▶ Record excerpts:
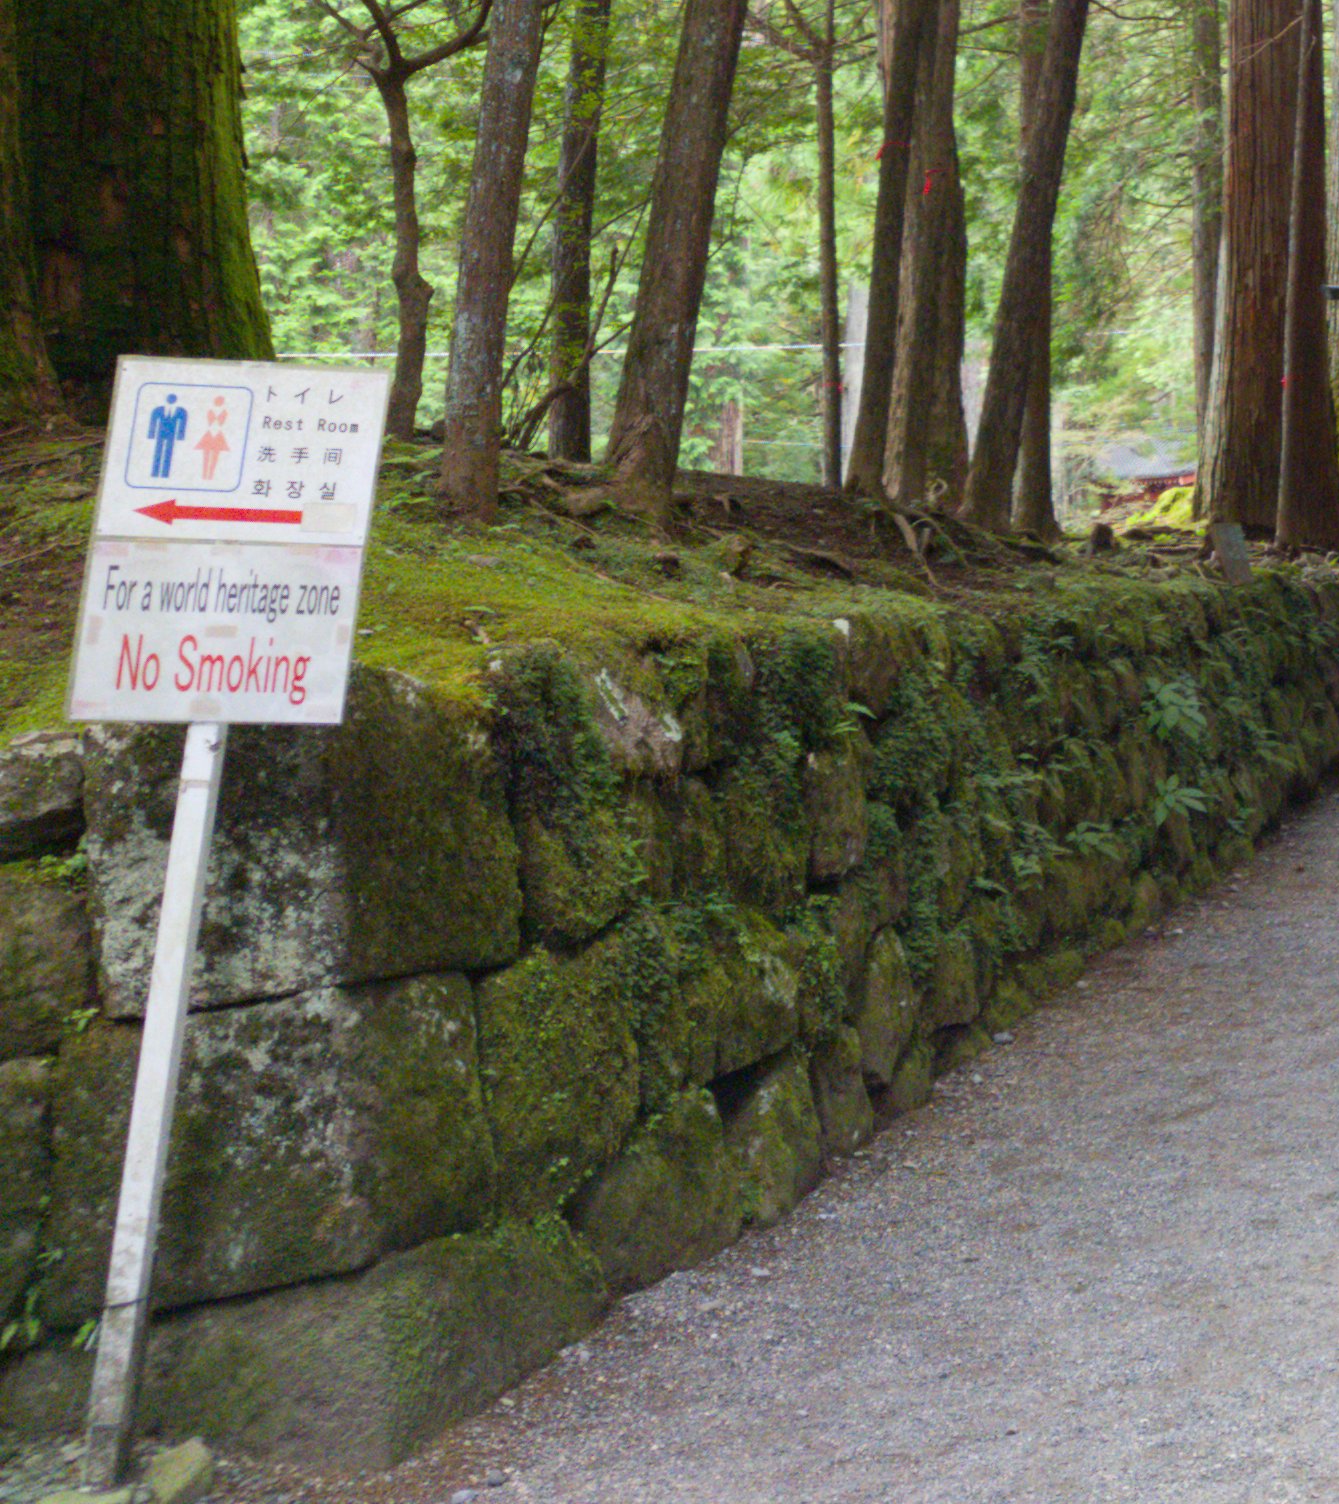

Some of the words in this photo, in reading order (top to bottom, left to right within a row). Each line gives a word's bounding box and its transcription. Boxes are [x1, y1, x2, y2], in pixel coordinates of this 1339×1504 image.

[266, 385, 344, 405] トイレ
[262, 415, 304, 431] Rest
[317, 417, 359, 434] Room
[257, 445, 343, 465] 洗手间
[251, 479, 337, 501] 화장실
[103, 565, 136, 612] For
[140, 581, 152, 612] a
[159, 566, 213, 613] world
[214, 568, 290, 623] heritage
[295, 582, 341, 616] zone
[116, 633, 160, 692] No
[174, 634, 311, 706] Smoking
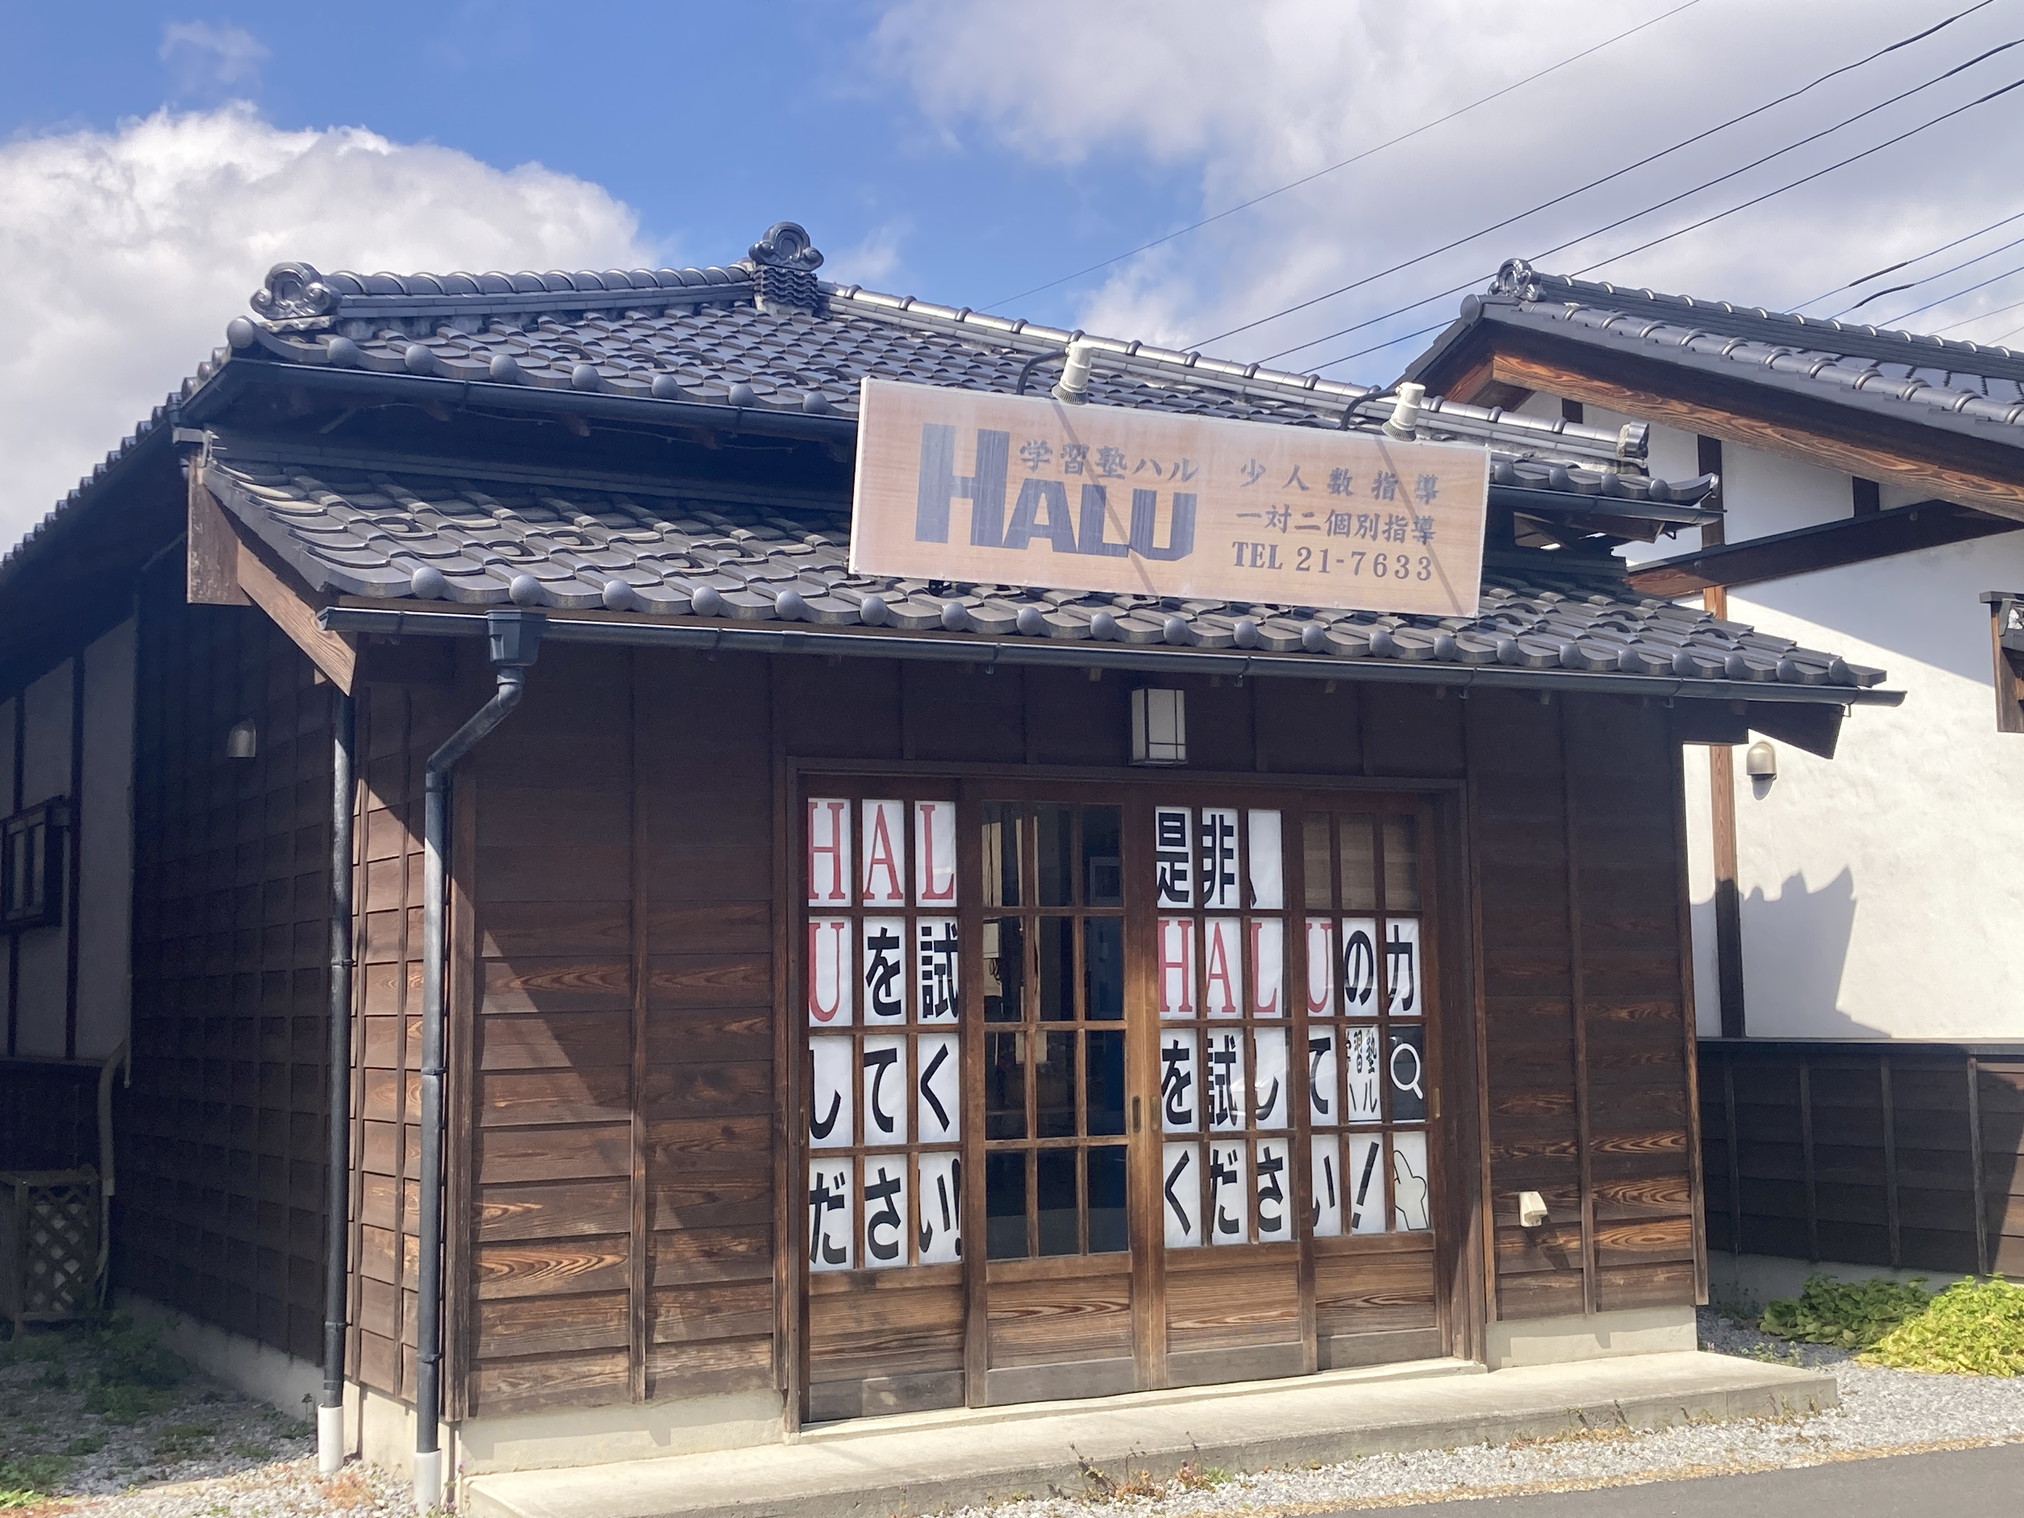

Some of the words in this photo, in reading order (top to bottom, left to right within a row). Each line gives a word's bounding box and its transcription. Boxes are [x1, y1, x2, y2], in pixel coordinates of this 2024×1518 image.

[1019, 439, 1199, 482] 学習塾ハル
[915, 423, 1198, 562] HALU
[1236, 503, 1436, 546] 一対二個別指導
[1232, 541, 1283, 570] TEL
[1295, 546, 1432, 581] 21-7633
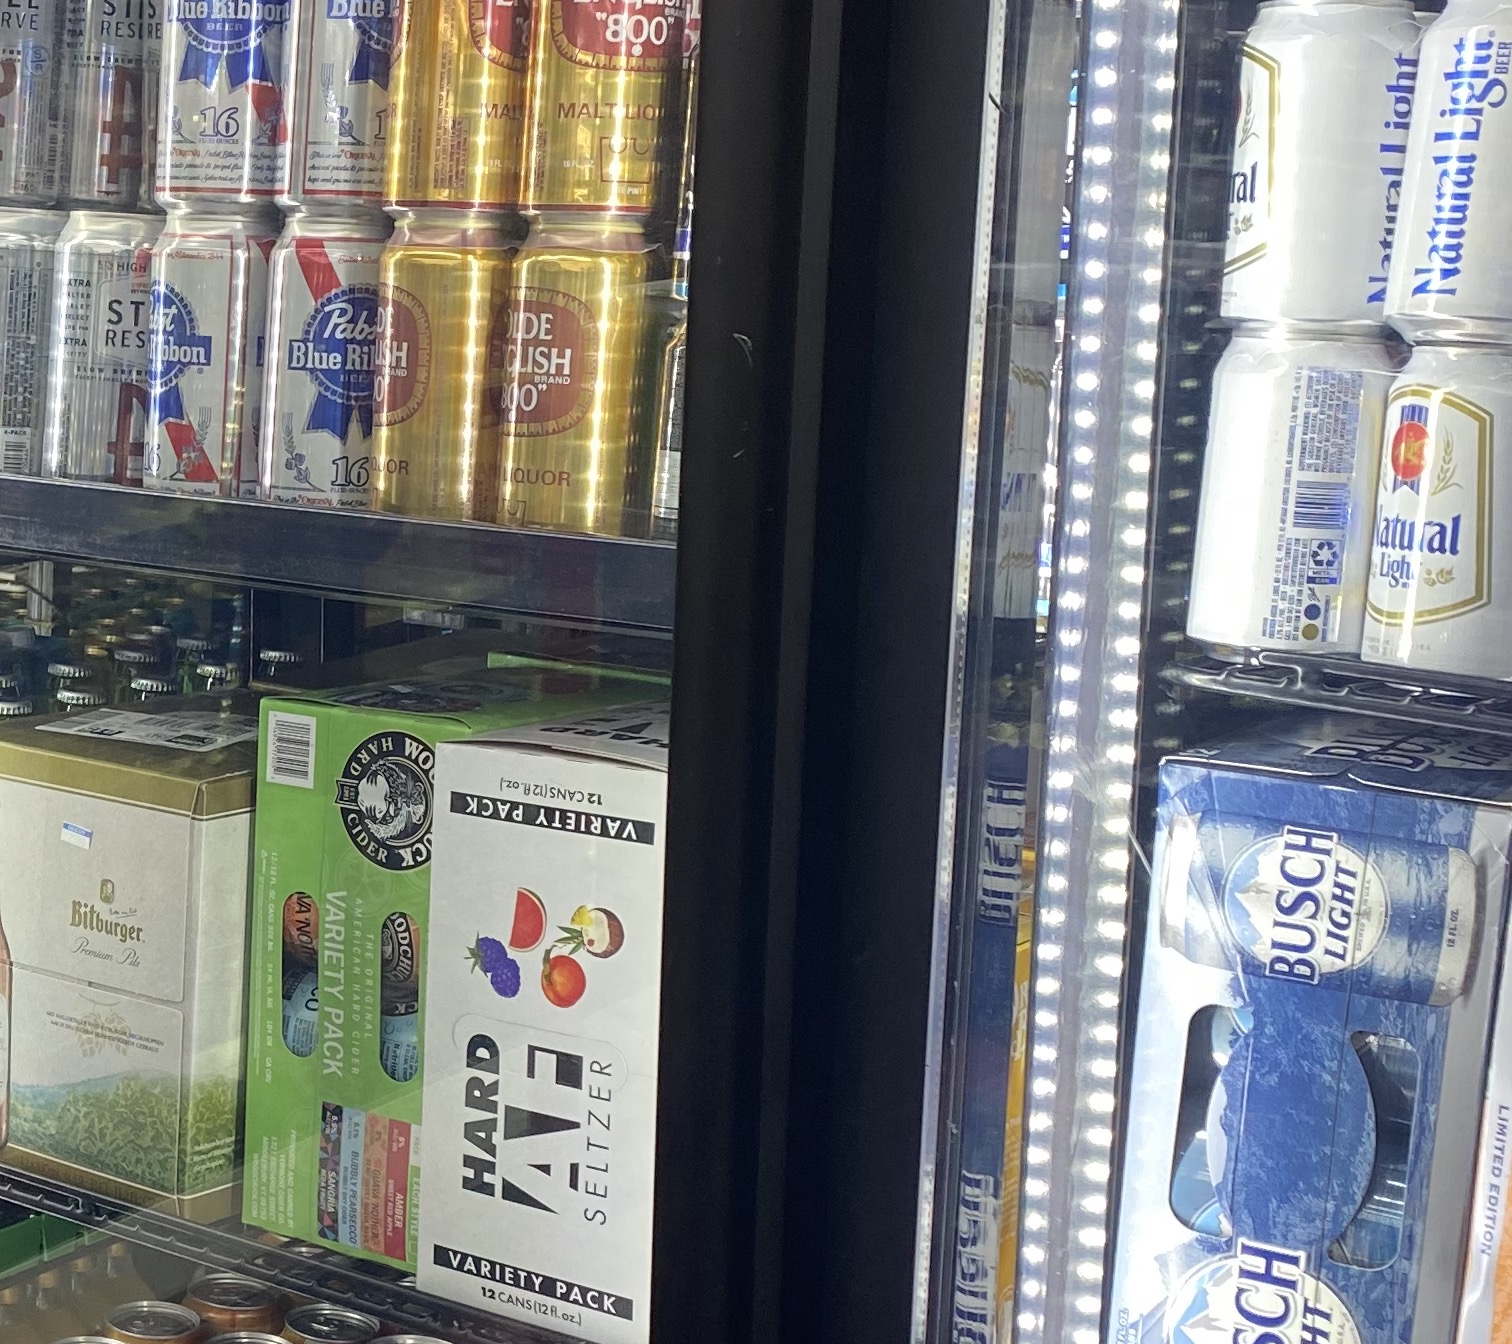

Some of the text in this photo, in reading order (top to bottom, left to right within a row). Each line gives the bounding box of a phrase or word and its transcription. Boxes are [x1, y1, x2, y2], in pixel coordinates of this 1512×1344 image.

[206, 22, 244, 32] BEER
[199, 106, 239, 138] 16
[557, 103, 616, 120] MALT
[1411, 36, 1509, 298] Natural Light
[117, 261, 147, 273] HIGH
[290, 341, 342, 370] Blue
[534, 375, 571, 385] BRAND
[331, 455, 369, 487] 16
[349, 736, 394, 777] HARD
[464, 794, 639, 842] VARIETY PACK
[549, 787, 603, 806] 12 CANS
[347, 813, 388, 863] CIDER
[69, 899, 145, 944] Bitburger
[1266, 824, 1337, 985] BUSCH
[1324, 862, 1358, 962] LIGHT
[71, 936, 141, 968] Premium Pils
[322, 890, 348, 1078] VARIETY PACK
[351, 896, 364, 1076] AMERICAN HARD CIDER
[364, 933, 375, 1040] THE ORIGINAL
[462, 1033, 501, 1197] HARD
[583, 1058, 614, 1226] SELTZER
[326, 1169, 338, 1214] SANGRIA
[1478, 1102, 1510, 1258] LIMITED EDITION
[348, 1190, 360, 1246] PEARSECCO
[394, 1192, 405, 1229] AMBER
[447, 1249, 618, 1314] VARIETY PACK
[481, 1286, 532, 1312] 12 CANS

▶ Instructions to follow:
Without copying any picture, repeat all of the entries exactly.

▶ Finished task:
Some of the words in this photo, in reading order (top to bottom, left to right within a row). Each line gives a word's bounding box and its transcription. Boxes are [x1, y1, x2, y2], in pixel coordinates of this 1339×1504 image.

[266, 385, 344, 405] トイレ
[262, 415, 304, 431] Rest
[317, 417, 359, 434] Room
[257, 445, 343, 465] 洗手间
[251, 479, 337, 501] 화장실
[103, 565, 136, 612] For
[140, 581, 152, 612] a
[159, 566, 213, 613] world
[214, 568, 290, 623] heritage
[295, 582, 341, 616] zone
[116, 633, 160, 692] No
[174, 634, 311, 706] Smoking

Some of the words in this photo, in reading order (top to bottom, left to right within a row). Each line gives a word's bounding box and its transcription. Boxes are [x1, y1, x2, y2], in pixel coordinates of this 2024×1518 image.

[1019, 439, 1199, 482] 学習塾ハル
[915, 423, 1198, 562] HALU
[1236, 503, 1436, 546] 一対二個別指導
[1232, 541, 1283, 570] TEL
[1295, 546, 1432, 581] 21-7633

Some of the text in this photo, in reading order (top to bottom, left to right within a row). Each line gives the bounding box of a phrase or word and its transcription. Boxes are [x1, y1, x2, y2], in pixel coordinates of this 1512×1344 image.

[206, 22, 244, 32] BEER
[199, 106, 239, 138] 16
[557, 103, 616, 120] MALT
[1411, 36, 1509, 298] Natural Light
[117, 261, 147, 273] HIGH
[290, 341, 342, 370] Blue
[534, 375, 571, 385] BRAND
[331, 455, 369, 487] 16
[349, 736, 394, 777] HARD
[464, 794, 639, 842] VARIETY PACK
[549, 787, 603, 806] 12 CANS
[347, 813, 388, 863] CIDER
[69, 899, 145, 944] Bitburger
[1266, 824, 1337, 985] BUSCH
[1324, 862, 1358, 962] LIGHT
[71, 936, 141, 968] Premium Pils
[322, 890, 348, 1078] VARIETY PACK
[351, 896, 364, 1076] AMERICAN HARD CIDER
[364, 933, 375, 1040] THE ORIGINAL
[462, 1033, 501, 1197] HARD
[583, 1058, 614, 1226] SELTZER
[326, 1169, 338, 1214] SANGRIA
[1478, 1102, 1510, 1258] LIMITED EDITION
[348, 1190, 360, 1246] PEARSECCO
[394, 1192, 405, 1229] AMBER
[447, 1249, 618, 1314] VARIETY PACK
[481, 1286, 532, 1312] 12 CANS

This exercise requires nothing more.